The data >>
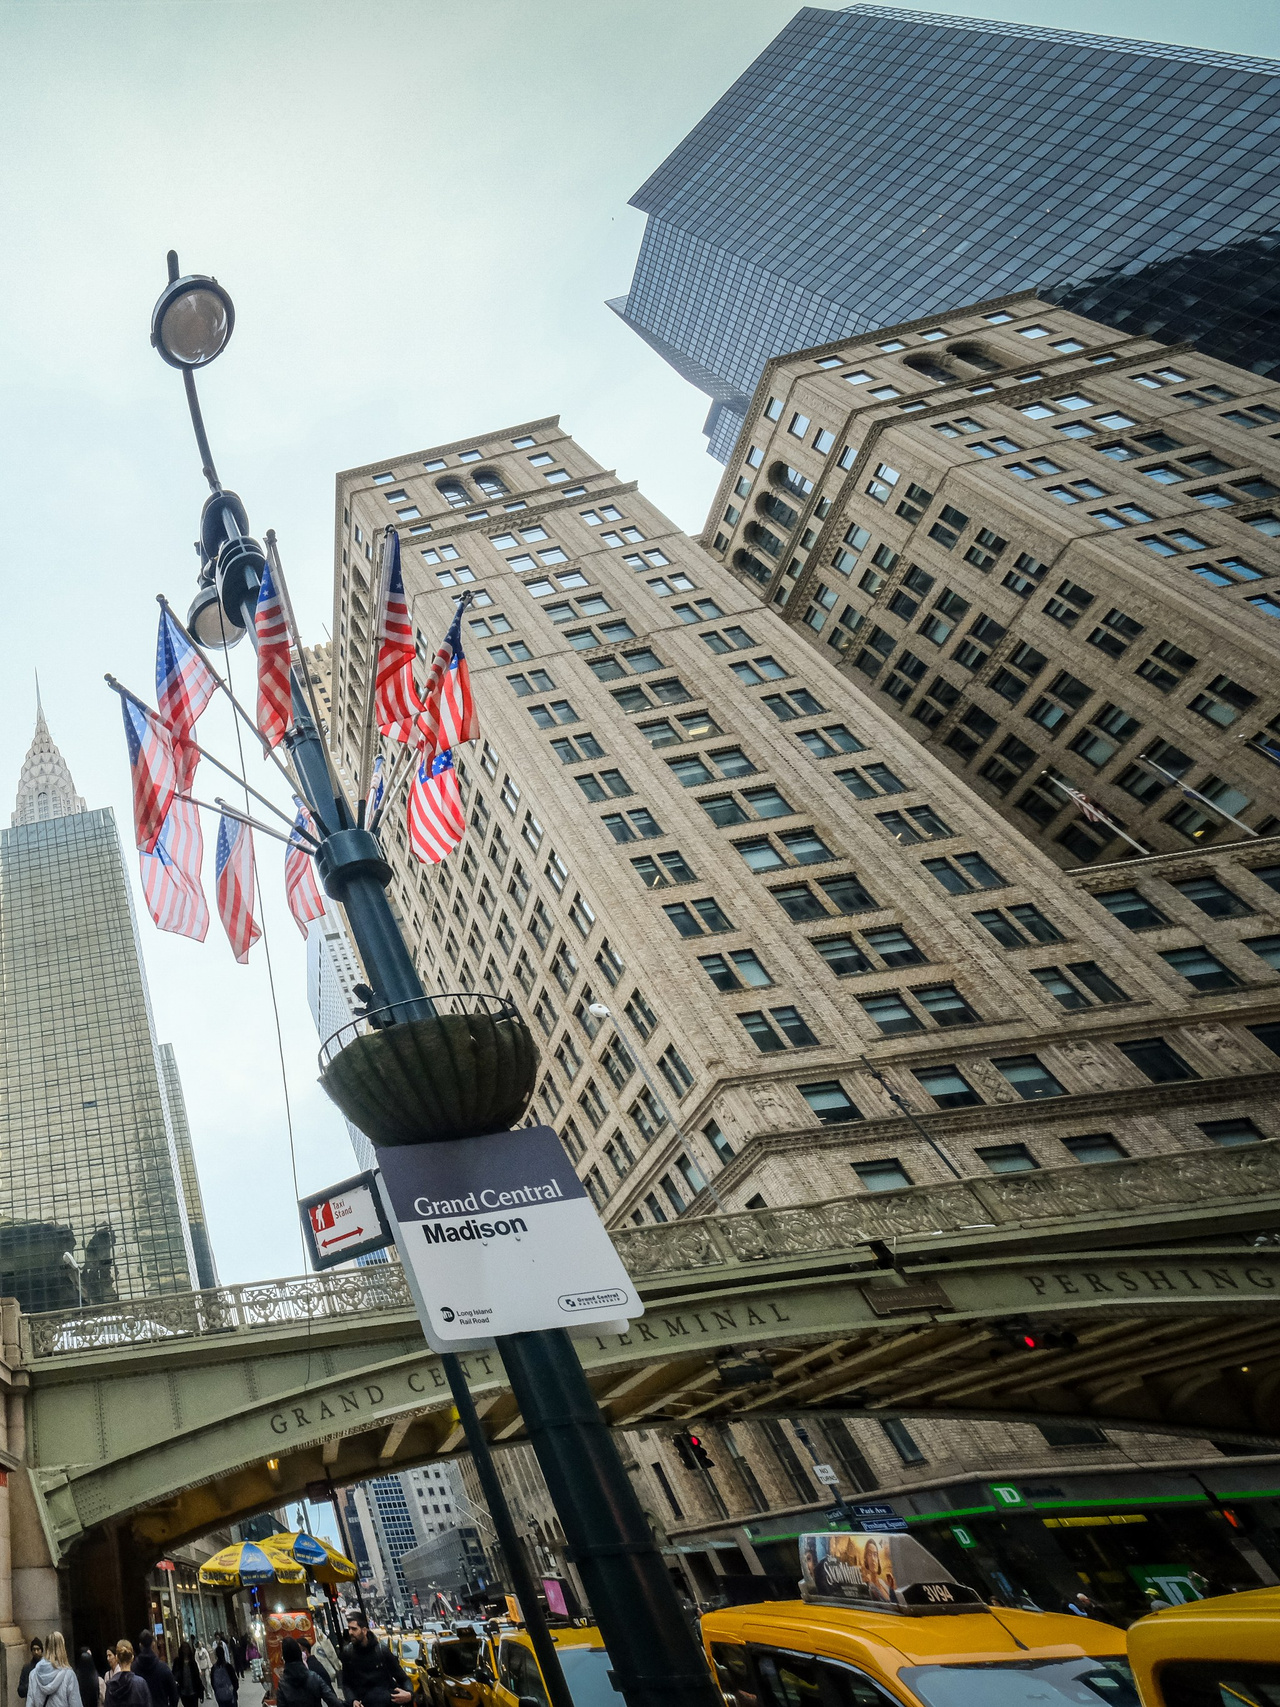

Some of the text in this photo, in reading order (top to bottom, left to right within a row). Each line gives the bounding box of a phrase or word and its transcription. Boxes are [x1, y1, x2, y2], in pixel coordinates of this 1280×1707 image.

[332, 1198, 345, 1210] Taxi
[413, 1178, 564, 1217] Grand Central
[334, 1205, 353, 1219] Stand
[422, 1217, 528, 1244] Madison
[1024, 1267, 1275, 1296] PERSHING
[577, 1292, 619, 1303] Grand Central
[456, 1308, 493, 1318] Long Island
[270, 1384, 385, 1435] GRAND
[407, 1354, 494, 1393] CENT
[994, 1487, 1020, 1503] TD
[859, 1507, 875, 1515] Park
[922, 1584, 955, 1602] 3V94
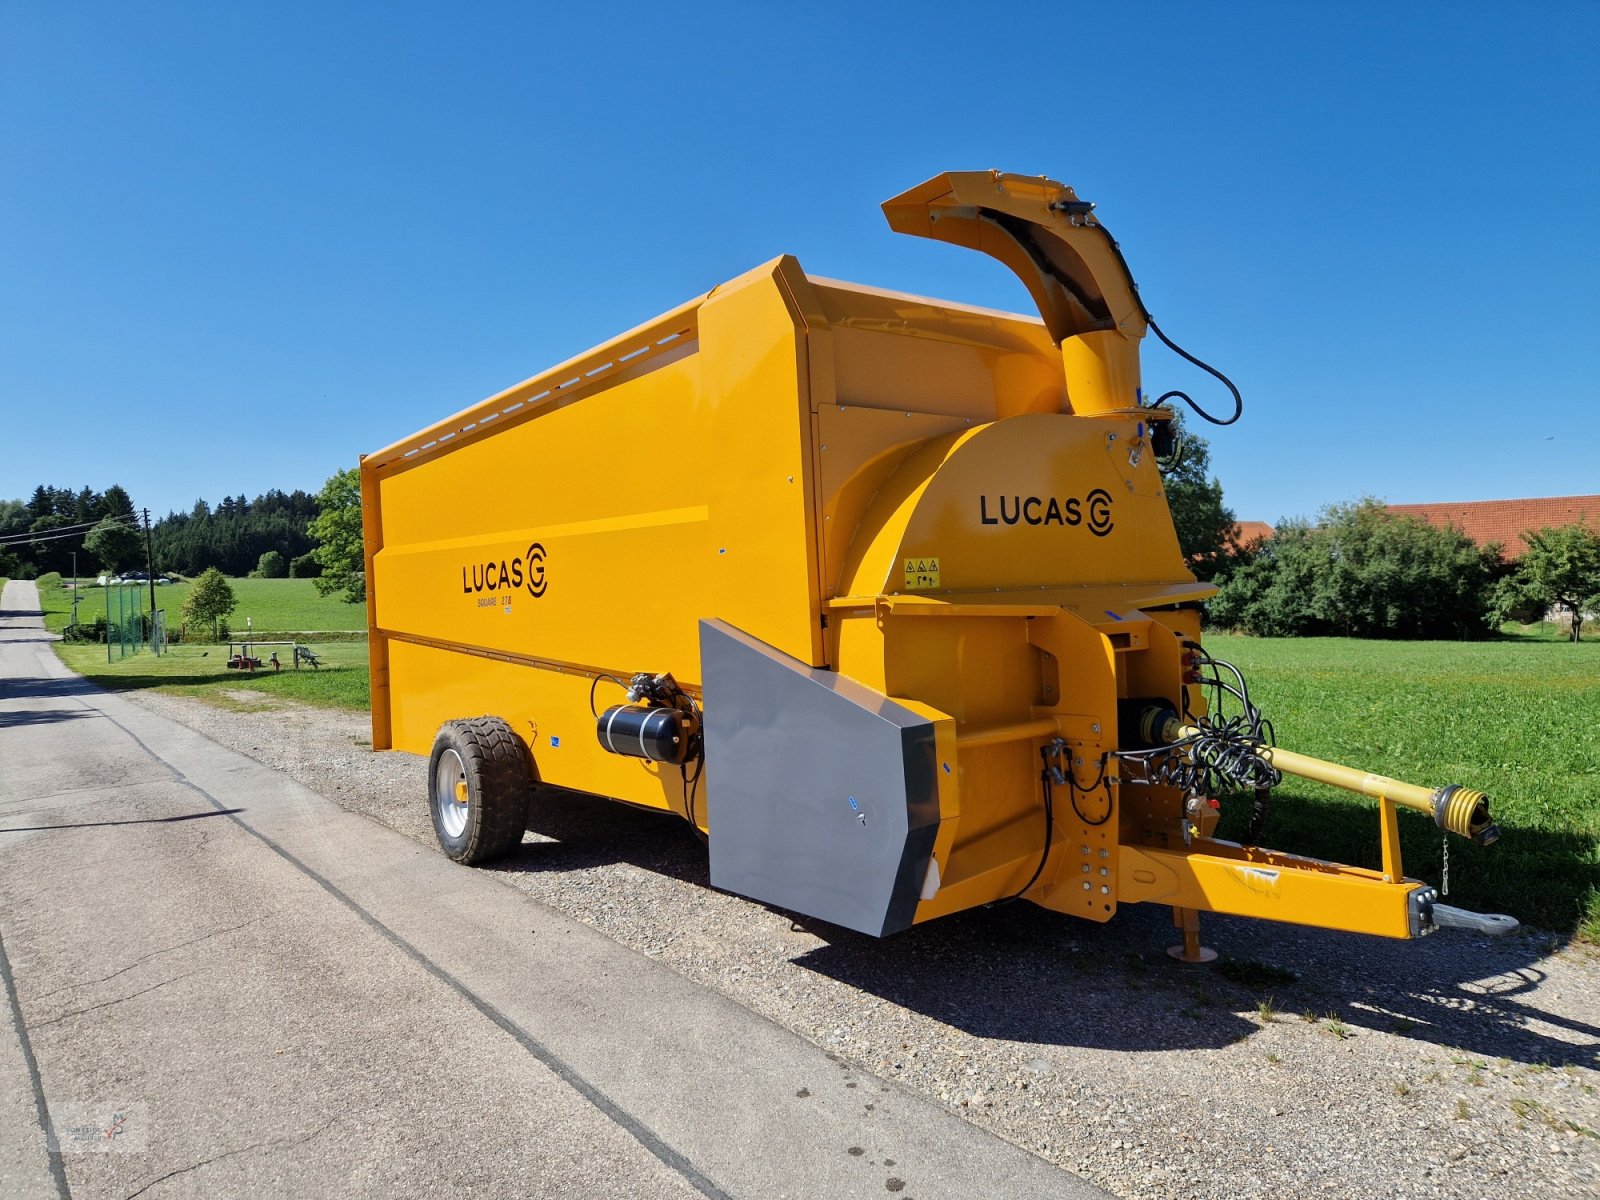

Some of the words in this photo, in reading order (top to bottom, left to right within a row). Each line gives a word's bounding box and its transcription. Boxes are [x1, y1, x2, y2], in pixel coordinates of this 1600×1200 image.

[980, 495, 1082, 526] LUCAS
[463, 557, 523, 594] LUCAS
[477, 596, 497, 608] SQUARE
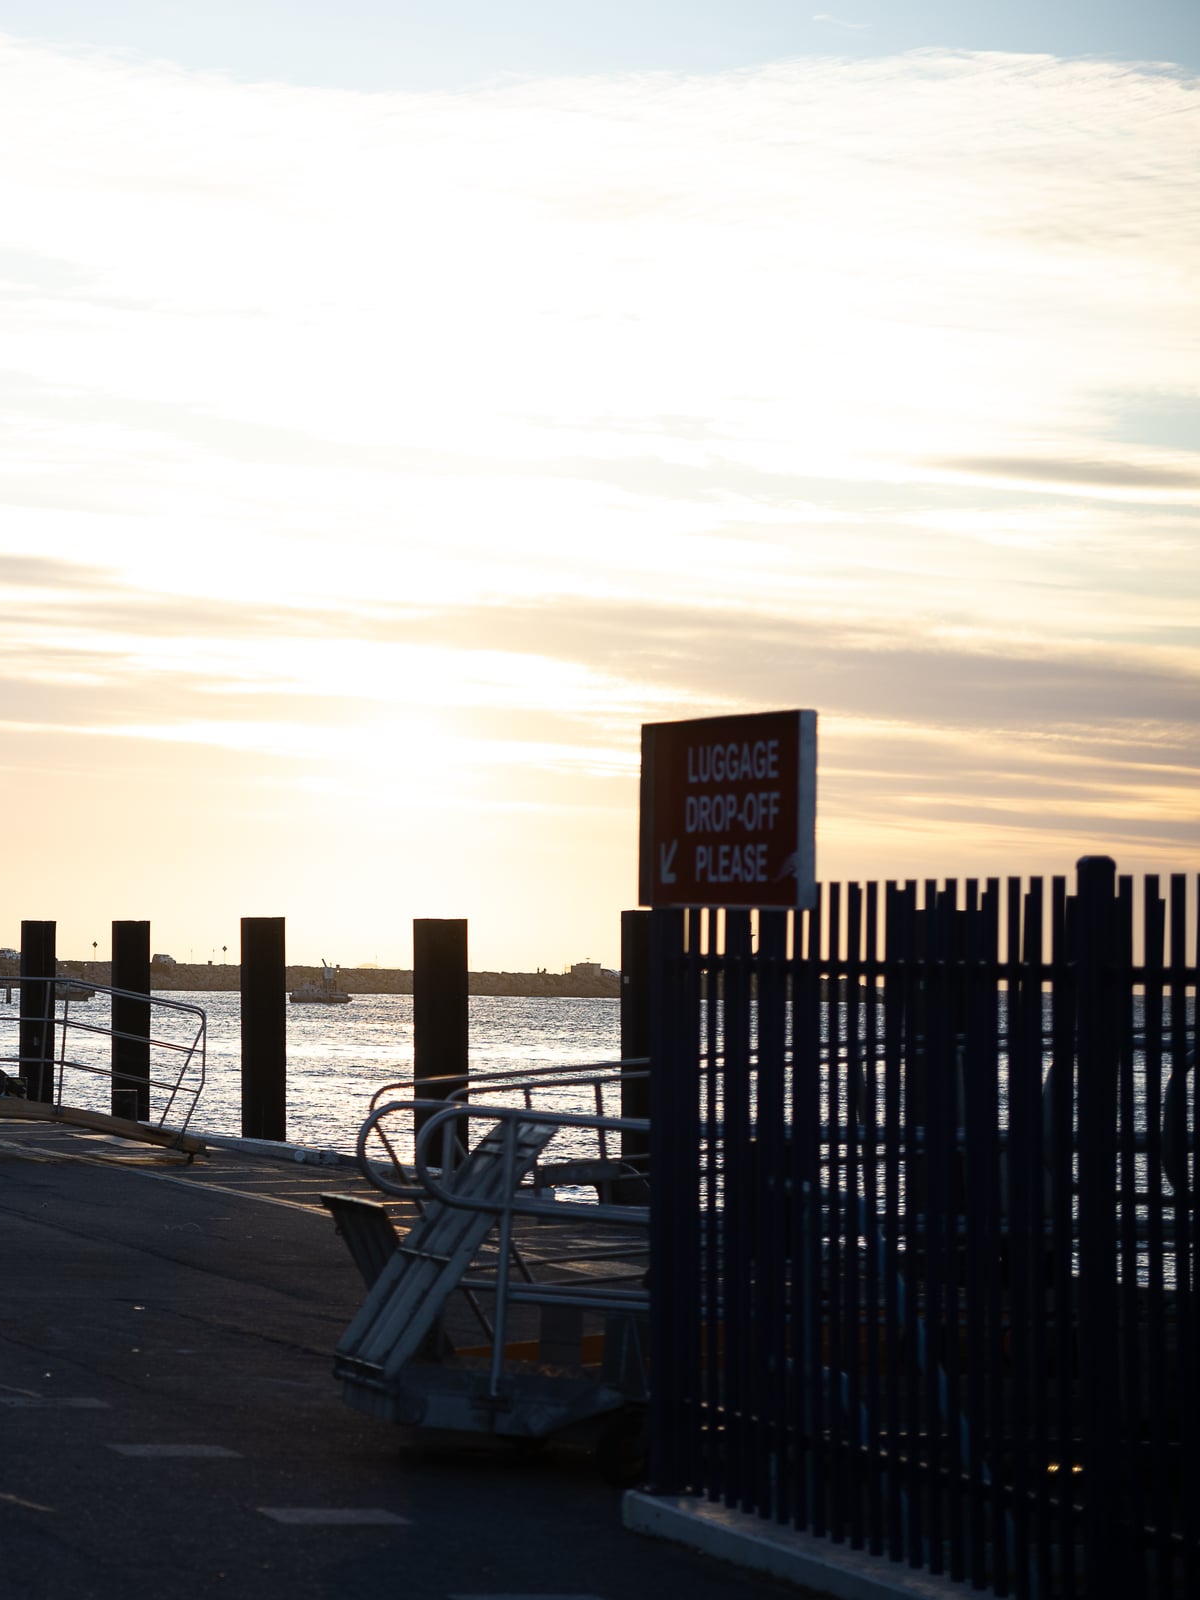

What the task requires >> The answer must be the full listing, exact in every line, with the pictures removed.

The answer >>
Some of the text in this photo, in reading order (top to bottom, left to right within a row). Each line gives the bounding box of a phrase or word and its transcription. Boxes are [x1, y1, x2, y2], in pixel coordinates of this 1280×1707 image.

[332, 1198, 345, 1210] Taxi
[413, 1178, 564, 1217] Grand Central
[334, 1205, 353, 1219] Stand
[422, 1217, 528, 1244] Madison
[1024, 1267, 1275, 1296] PERSHING
[577, 1292, 619, 1303] Grand Central
[456, 1308, 493, 1318] Long Island
[270, 1384, 385, 1435] GRAND
[407, 1354, 494, 1393] CENT
[994, 1487, 1020, 1503] TD
[859, 1507, 875, 1515] Park
[922, 1584, 955, 1602] 3V94

Some of the words in this photo, in reading order (top to bottom, left to right within a row). Each line gives a word's bounding box and its transcription. Boxes are [x1, y1, x2, y2], in pixel coordinates of this 1600×1200 image.

[980, 495, 1082, 526] LUCAS
[463, 557, 523, 594] LUCAS
[477, 596, 497, 608] SQUARE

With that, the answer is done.